Matteo Salvetti, segretario generale della Feneal Uil del Trentino


 

Alcuni lavori plasmano il mondo

È proprio così. Alcuni lavori plasmano il mondo. E il rapporto fra le persone, al di là degli aspetti materiali e immateriali non solo del lavoro, resta un pezzo (dell’anima, aggiungerei) di ogni mestiere. Qualcosa che si sente. Che si tocca. Che si vede (benché anche una pratica fatta bene, anche se da remoto, in un certo senso si può toccare e vedere). Il Covid-19 ha costretto molti di noi a casa (alcuni con la possibilità di lavorare per così dire a domicilio, altri con l’impossibilità di lavorare) e ha sfidato una società che solo in alcuni casi ha saputo davvero reinventarsi o trovare risposte adeguate ad un’emergenza che è stata (ed è) sanitaria, ma che è e sarà sociale ed economica (e temo che molti abbiano sottovalutato questi due aspetti).
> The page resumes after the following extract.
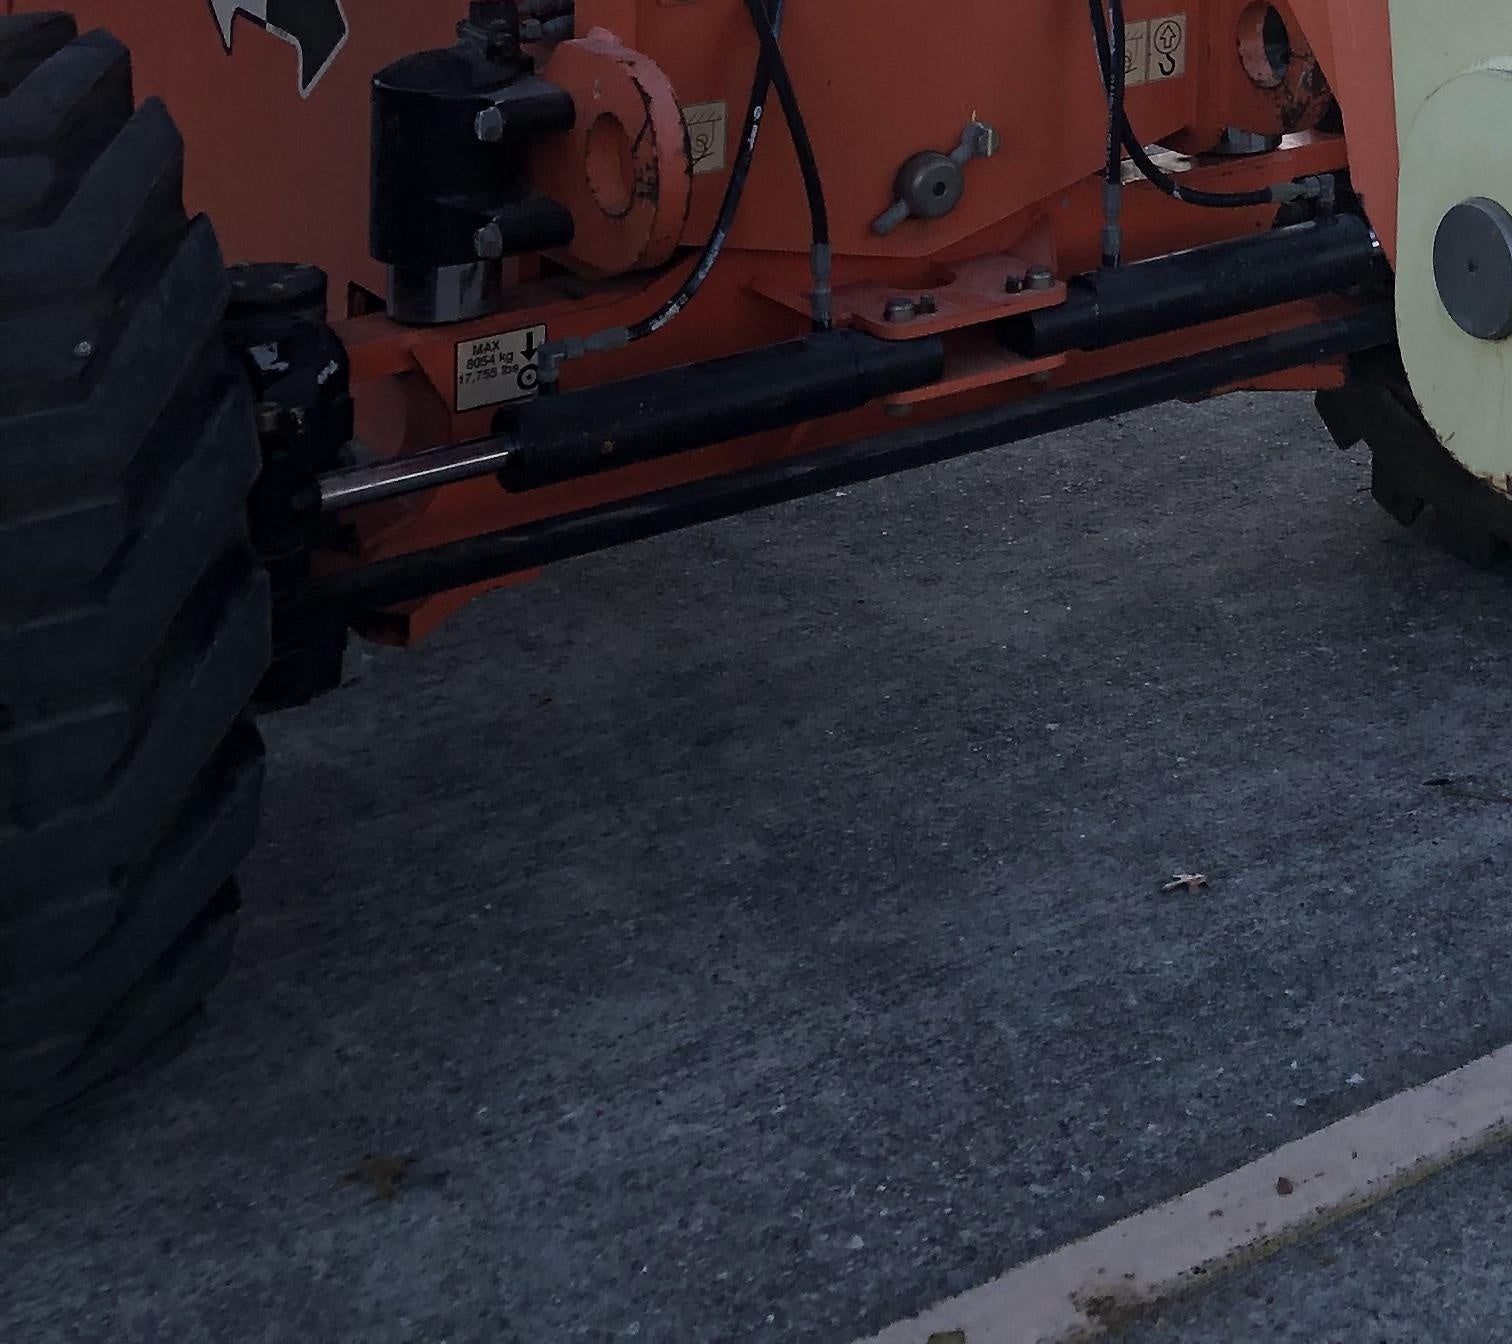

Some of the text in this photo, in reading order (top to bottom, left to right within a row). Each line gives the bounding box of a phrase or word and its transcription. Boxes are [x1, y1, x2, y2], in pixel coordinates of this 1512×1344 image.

[472, 339, 500, 356] MAX
[499, 351, 514, 364] kg
[501, 363, 519, 376] lbs
Siamo infatti di fronte a una società che ha faticato a capire sino in fondo cosa sia la modernità, concetto che non va certo confuso con quello della virtualità. Oserei dire che siamo solo a metà della lezione, ma forse abbiamo già tutti capito quante facce abbia il lavoro (bello il concetto dell‘etica del fare, anche se io parlerei di percorsi di vita sempre potenzialmente complementari) e quanto drammatico possa essere perdere il lavoro per un’emergenza sanitaria.